OBJECTIVE: Convection-enhanced delivery is a promising approach to intracerebral drug delivery in which a fluid pressure gradient is used to infuse therapeutic macromolecules through an indwelling catheter into the interstitial spaces of the brain. Our purpose was to test the hypothesis that hyperintense signal changes on T2-weighted images produced by such infusions can be used to track drug distribution. SUBJECTS AND METHODS: Seven adults with recurrent malignant glioma underwent concurrent intracerebral infusions of the tumor-targeted cytotoxin cintredekin besudotox and 123I-labeled human serum albumin. The agents were administered through a total of 18 catheters among the seven patients. Adequacy of distribution of drug was determined by evidence of distribution of 123I-labeled human serum albumin on SPECT images coregistered with MR images. Qualitative analysis was performed by three blinded observers. Quantitative analysis also was performed. RESULTS: Infusions into 12 catheters produced intraparenchymal distribution as seen on SPECT images, but infusions into six catheters did not. At qualitative assessment of signal changes on MR images, reviewers correctly predicted which catheters would produce extraparenchymal distribution and which catheters would produce parenchymal distribution.
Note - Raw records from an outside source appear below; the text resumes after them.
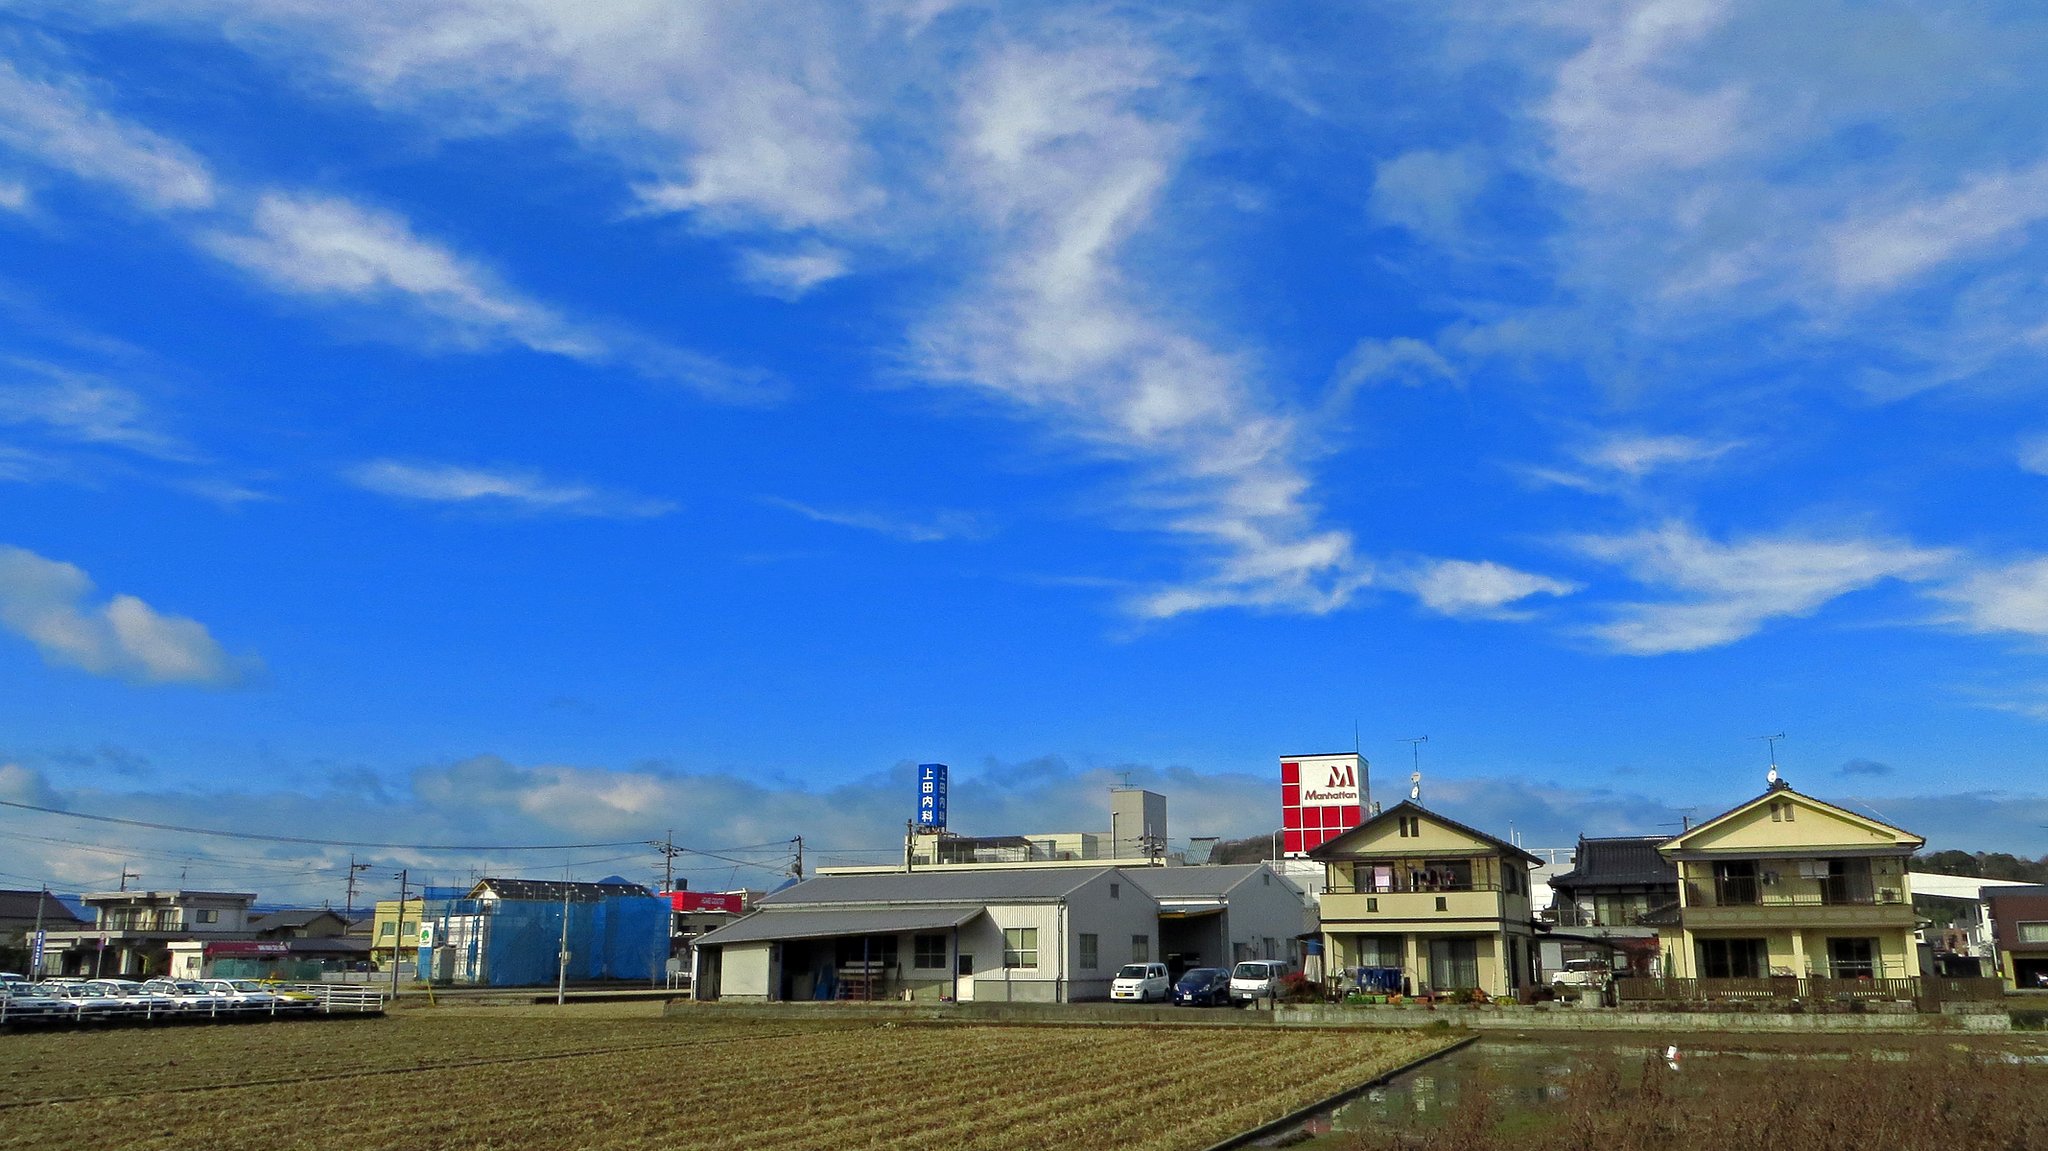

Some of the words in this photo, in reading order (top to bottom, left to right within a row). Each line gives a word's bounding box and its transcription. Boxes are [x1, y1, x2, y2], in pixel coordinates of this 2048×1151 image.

[922, 767, 934, 822] 上田内科
[1304, 790, 1357, 800] Manhattan
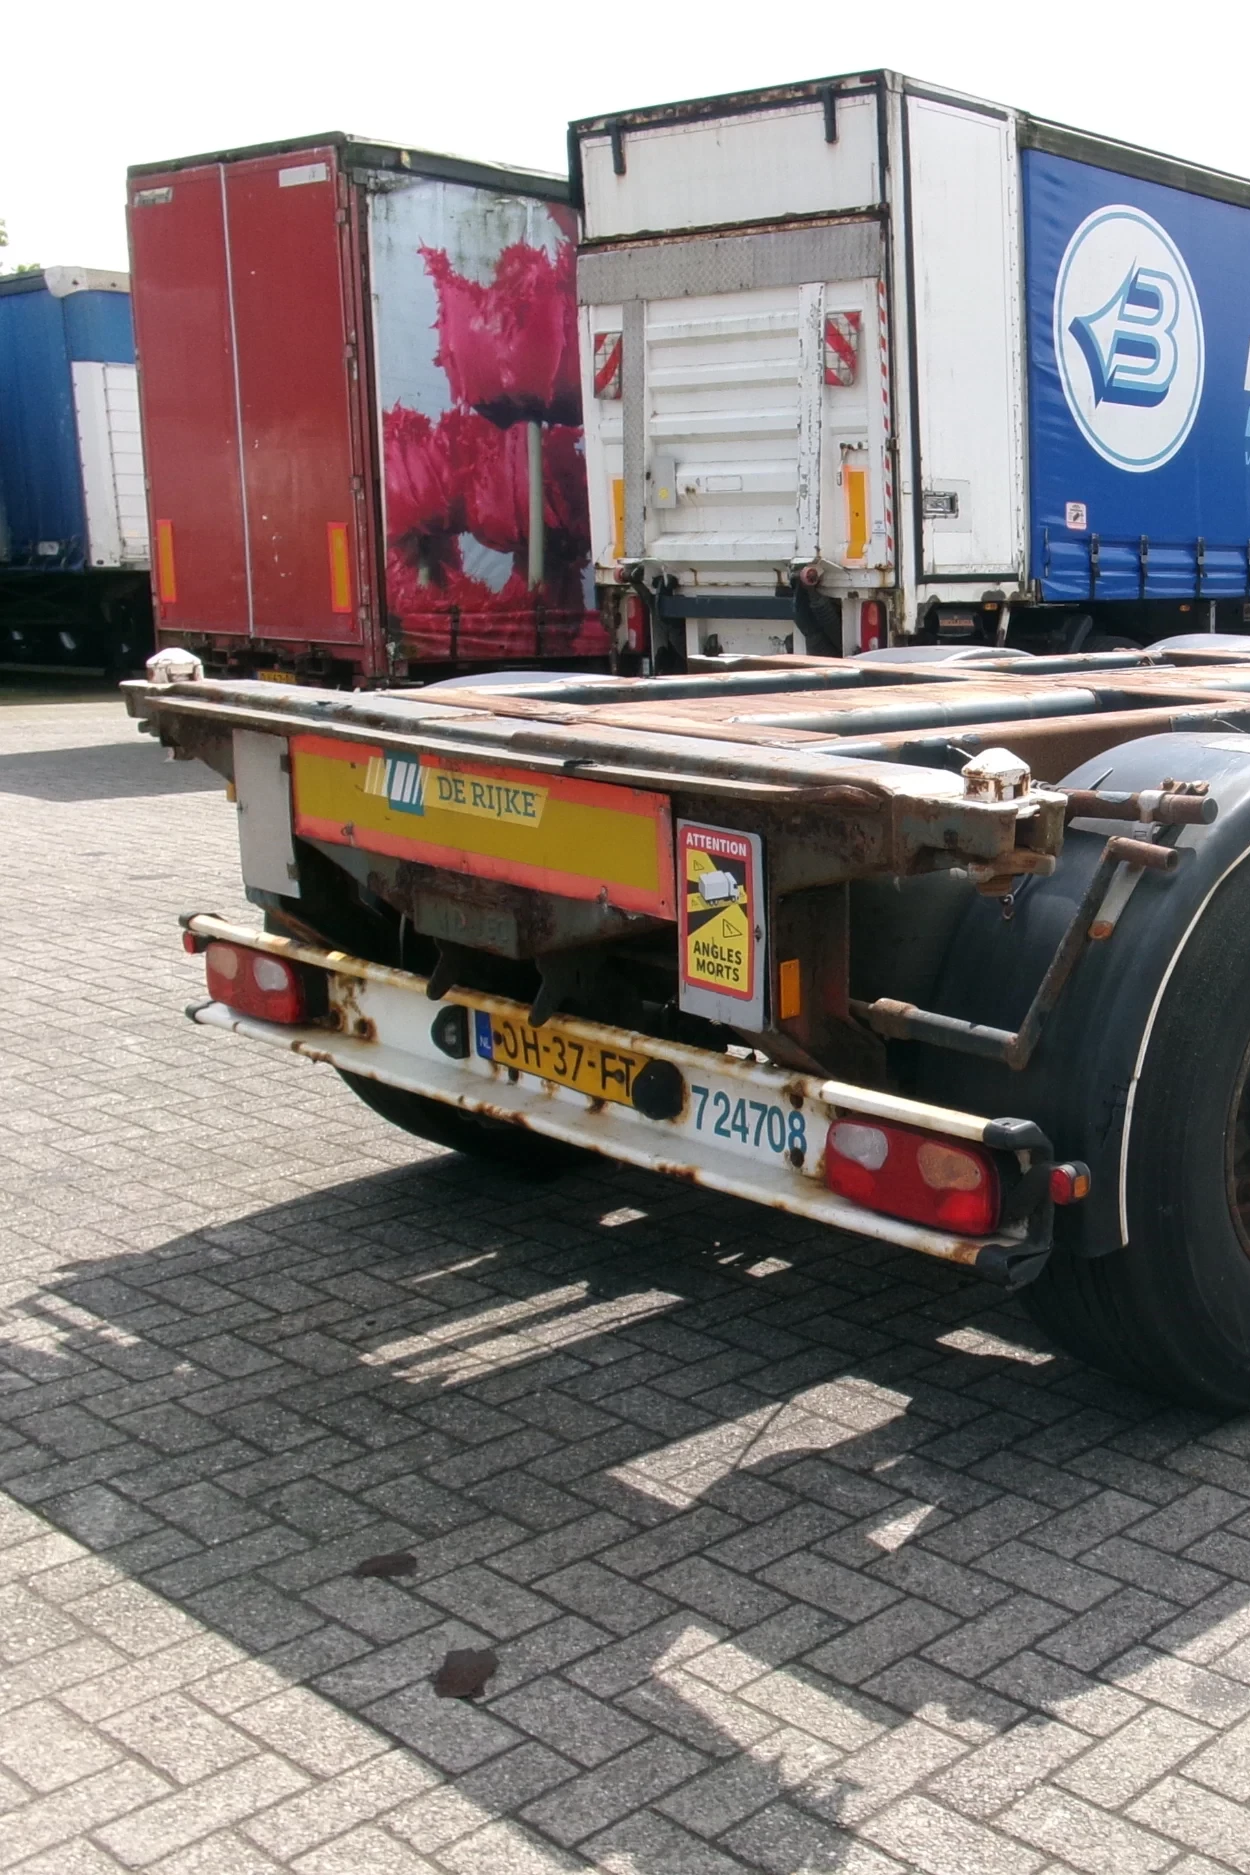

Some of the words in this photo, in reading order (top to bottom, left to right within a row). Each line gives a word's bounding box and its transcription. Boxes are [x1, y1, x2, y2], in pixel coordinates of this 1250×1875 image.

[437, 776, 466, 805] DE
[471, 782, 537, 817] RIJKE
[686, 832, 747, 857] ATTENTION
[693, 940, 742, 966] ANGLES
[696, 958, 740, 982] MORTS
[479, 1036, 492, 1050] NL
[691, 1084, 808, 1156] 724708
Of the 12 infusions that produced intraparenchymal distribution, four catheters had been placed in regions of relatively normal signal intensity and produced regions of newly increased signal intensity, the volume of which highly correlated with the volume and geometry of distribution on SPECT (r2 = 0.9502). Eight infusions that produced intraparenchymal distribution were performed in regions of preexisting hyperintense signal. In these brains, additional signal changes were always produced, but quantitative correlations between areas of newly increased signal intensity and the volume and geometry of distribution on SPECT could not be established. CONCLUSION: Convection-enhanced infusions frequently do not provide intraparenchymal drug distribution, and these failures can be identified with MRI soon after infusion. When infusions are performed into regions of normal signal intensity, development of hyperintense signal change strongly correlates with the volume and geometry of distribution of infusate.